Callahan collected writers the way the Medicis collected Leonardos and Michaelangelos. He became Red Smith’s legs when the great Pulitzer Prize-winner got too old to scramble after a quote or two and, later, at British Opens he reprised his role as taxi driver for World Golf Hall of Famer Dan Jenkins, who always believed driving on the left — if it had to be done at all — should be done sparingly, and by someone else. Jenkins called Callahan Simon because he’d once had a driver by that name.

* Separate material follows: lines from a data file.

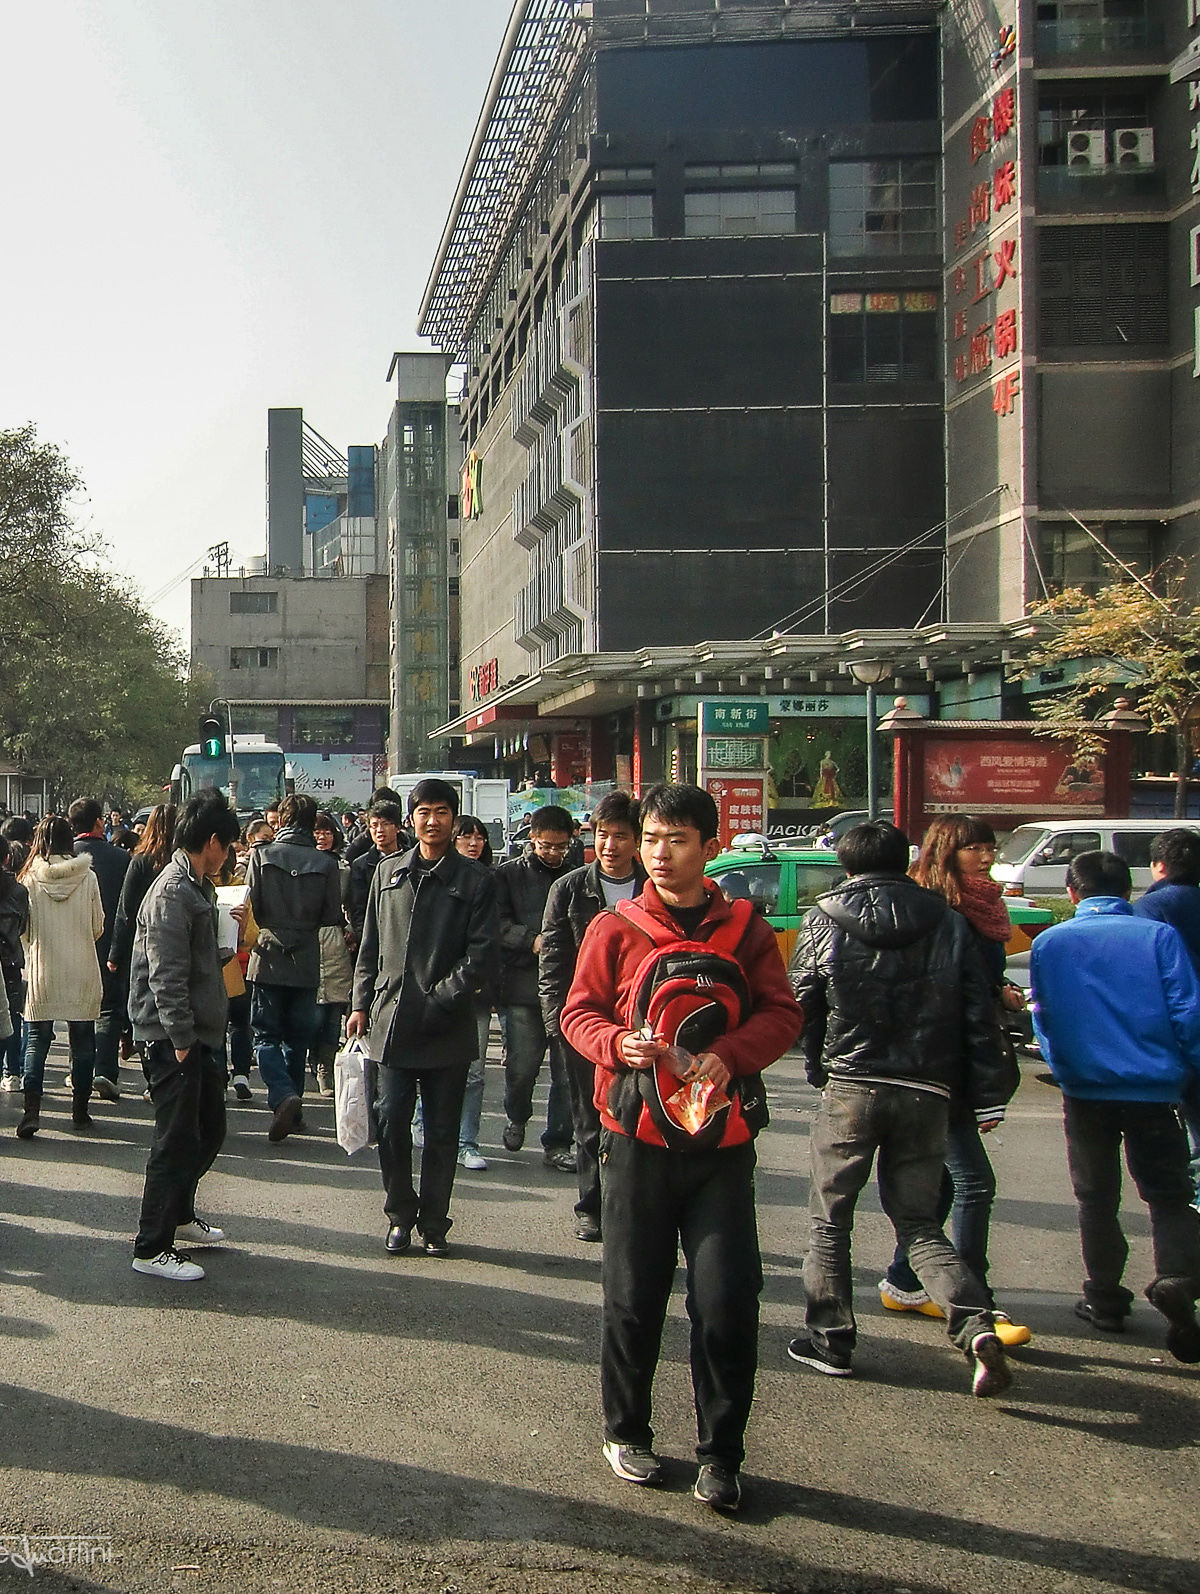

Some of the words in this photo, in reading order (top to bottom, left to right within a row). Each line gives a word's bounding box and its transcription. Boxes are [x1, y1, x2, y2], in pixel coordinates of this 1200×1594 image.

[993, 370, 1019, 416] 4F
[715, 708, 757, 720] 南新街
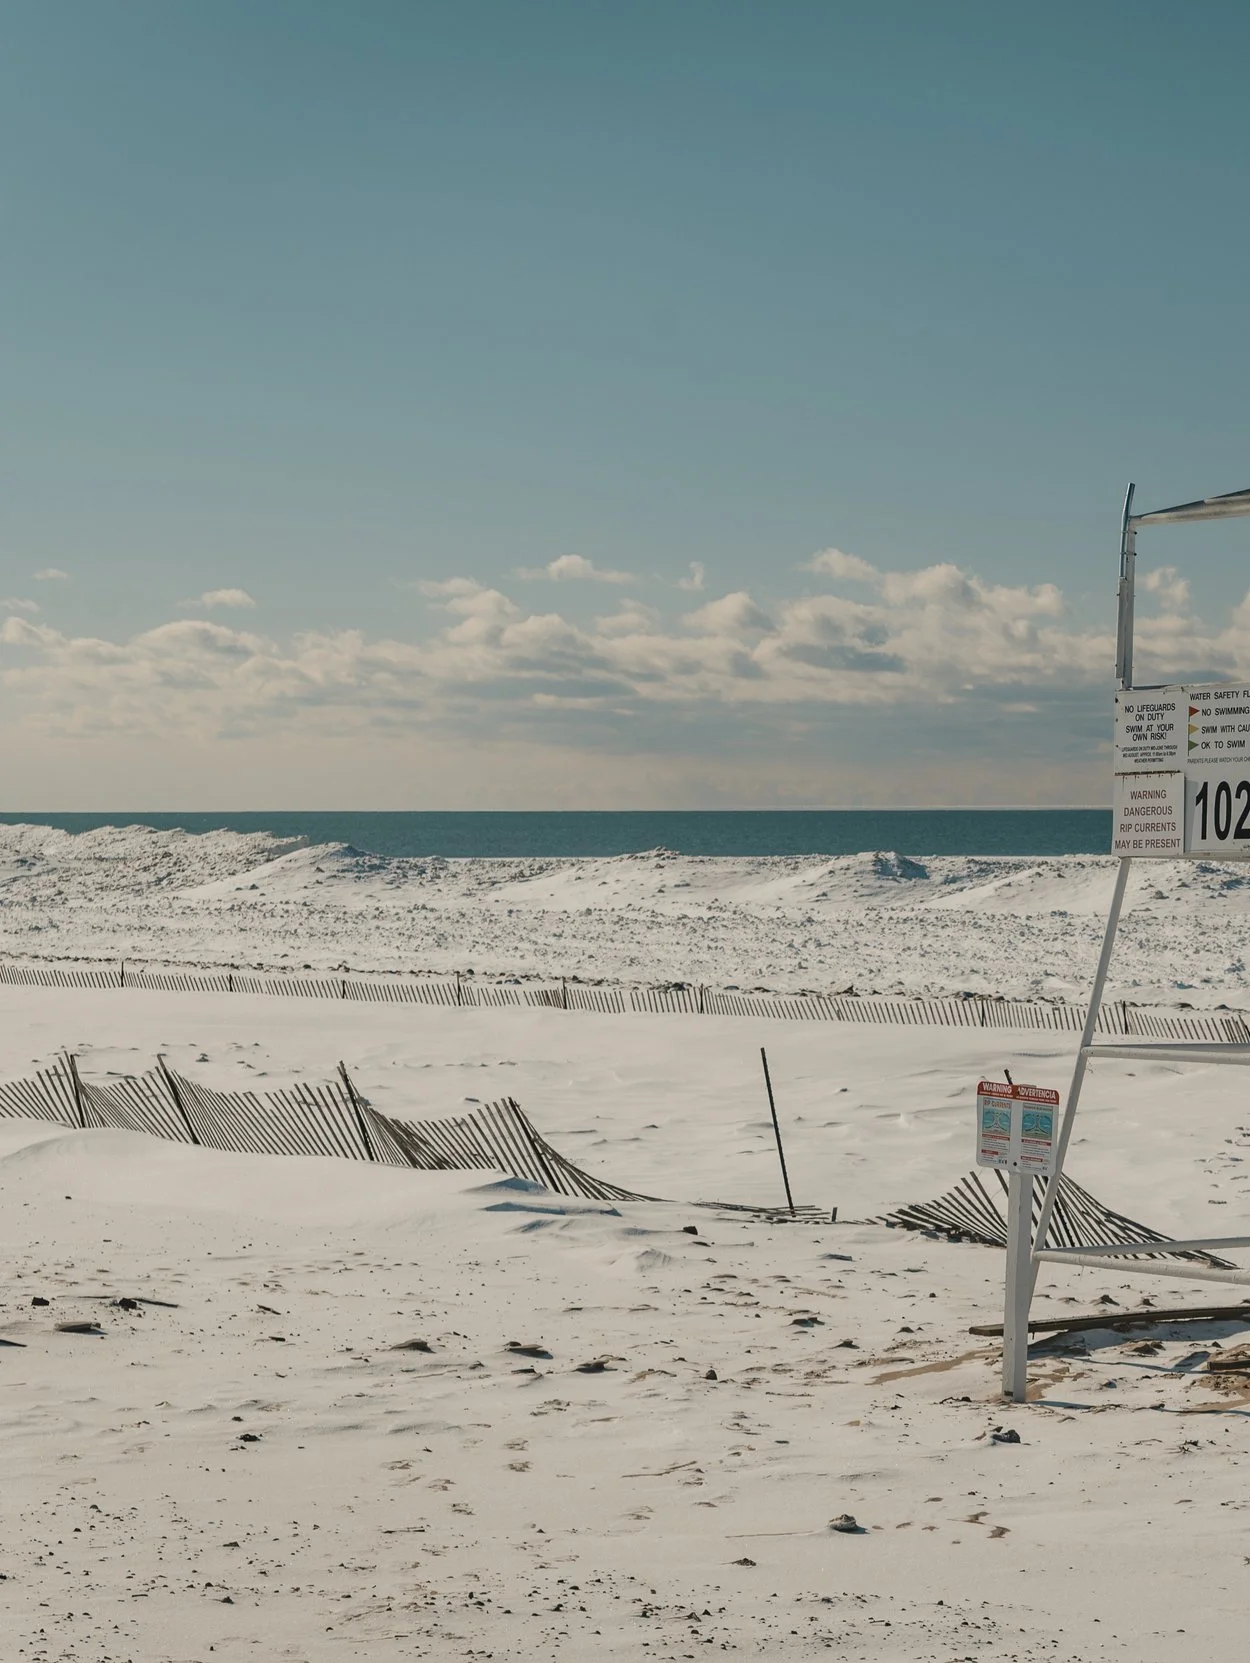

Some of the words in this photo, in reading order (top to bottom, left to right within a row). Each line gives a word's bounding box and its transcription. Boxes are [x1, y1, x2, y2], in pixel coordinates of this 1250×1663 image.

[1189, 692, 1211, 701] WATER
[1214, 690, 1240, 700] SAFETY
[1124, 705, 1135, 714] NO
[1137, 703, 1176, 713] LIFEGUARDS
[1201, 708, 1212, 717] NO
[1214, 706, 1250, 716] SWIMMING
[1135, 713, 1145, 722] ON
[1147, 712, 1165, 721] DUTY
[1125, 725, 1143, 734] SWIM
[1146, 724, 1154, 732] AT
[1157, 723, 1174, 732] YOUR
[1201, 726, 1218, 735] SWIM
[1220, 725, 1236, 733] WITH
[1132, 733, 1148, 742] OWN
[1150, 732, 1167, 741] RISK!
[1201, 741, 1211, 750] OK
[1214, 740, 1224, 749] TO
[1227, 740, 1246, 749] SWIM
[1130, 789, 1167, 800] WARNING
[1123, 806, 1173, 817] DANGEROUS
[1119, 823, 1133, 833] RIP
[1134, 822, 1177, 833] CURRENTS
[1114, 840, 1131, 849] MAY
[1132, 839, 1143, 849] BE
[1145, 838, 1181, 849] PRESENT
[982, 1082, 1012, 1094] WARNING
[1017, 1087, 1056, 1100] ADVERTENCIA
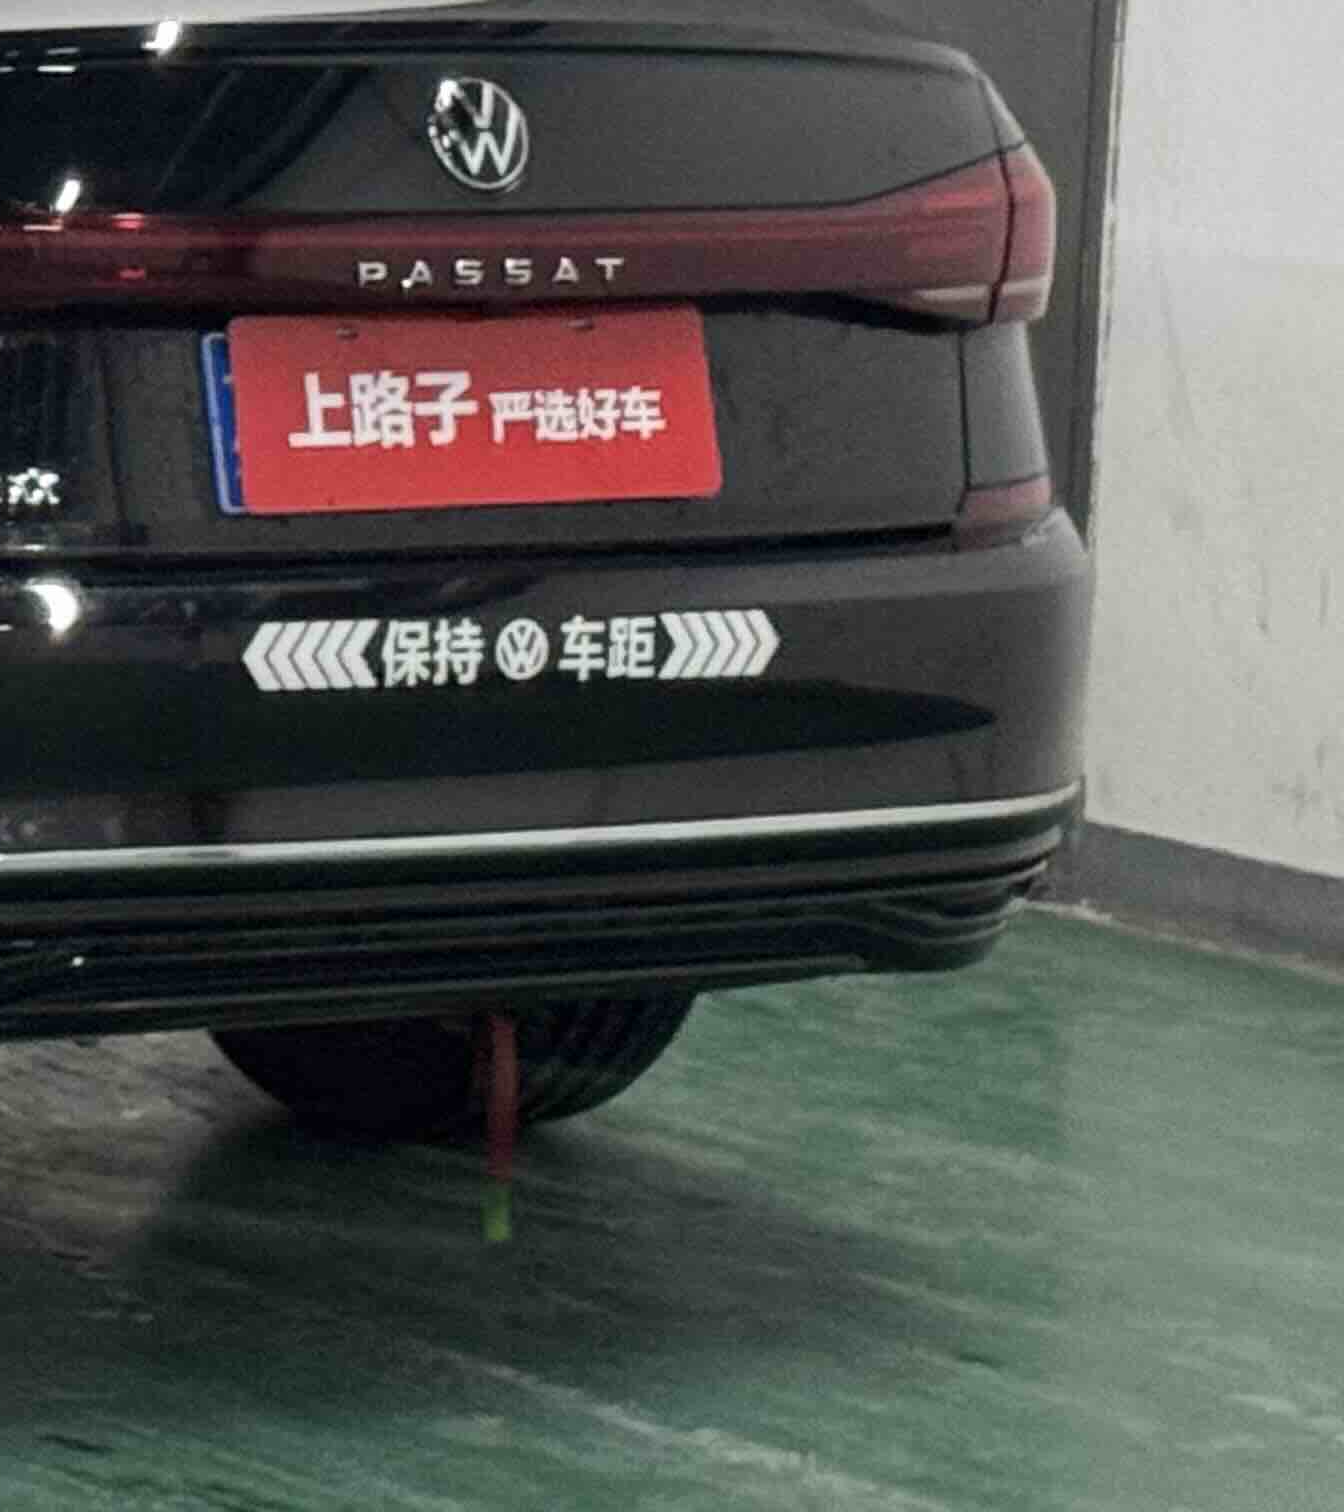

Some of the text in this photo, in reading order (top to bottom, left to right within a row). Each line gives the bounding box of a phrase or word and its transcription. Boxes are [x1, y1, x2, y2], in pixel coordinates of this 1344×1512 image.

If Callahan was in L.A. he found Jim Murray. If he was at a horse race he was standing on Bill Nack’s withers. When I learned he wasn’t going to Fort Worth for Jenkins’ funeral a couple of years ago, he told me he was tired of going to them. But that was against type, too. It was more a case of “Elvis is Dead and I Don’t Feel So Good Myself.” It didn’t matter, though, because he’d already supplied the harp music in Golf Digest, writing the best sendoff any sports guy ever got.

Of course, Tom didn’t get everything right. He thought O.J. was innocent until he saw the Bruno Maglis.

I can’t give you the highlights from Gods at Play. The book is 265 pages long, and if you skip any of them you’ll be poorer for it. But here’s just one story. Callahan knew Oscar Robertson from his days playing for the Royals in Cincinnati. Oscar was a tough guy. And, later, after Robertson helped Kareem Abdul Jabbar win an NBA title in Milwaukee, Callahan and Kareem, by then a Laker, had a conversation about him:

“The first time we ever spoke,” I said, “you told me you didn’t really know Oscar. But you came to know him, right?”

“And to love him,” he said. “And to love playing with him. And, probably a little too much, to love watching him play.”

“He was a bit cold-blooded for me,” I said.

“No, he had the capacity for joy that all great players have. He wouldn’t show it to you, though. Or you wouldn’t understand where to look for it. It’s not in the box score, you know.”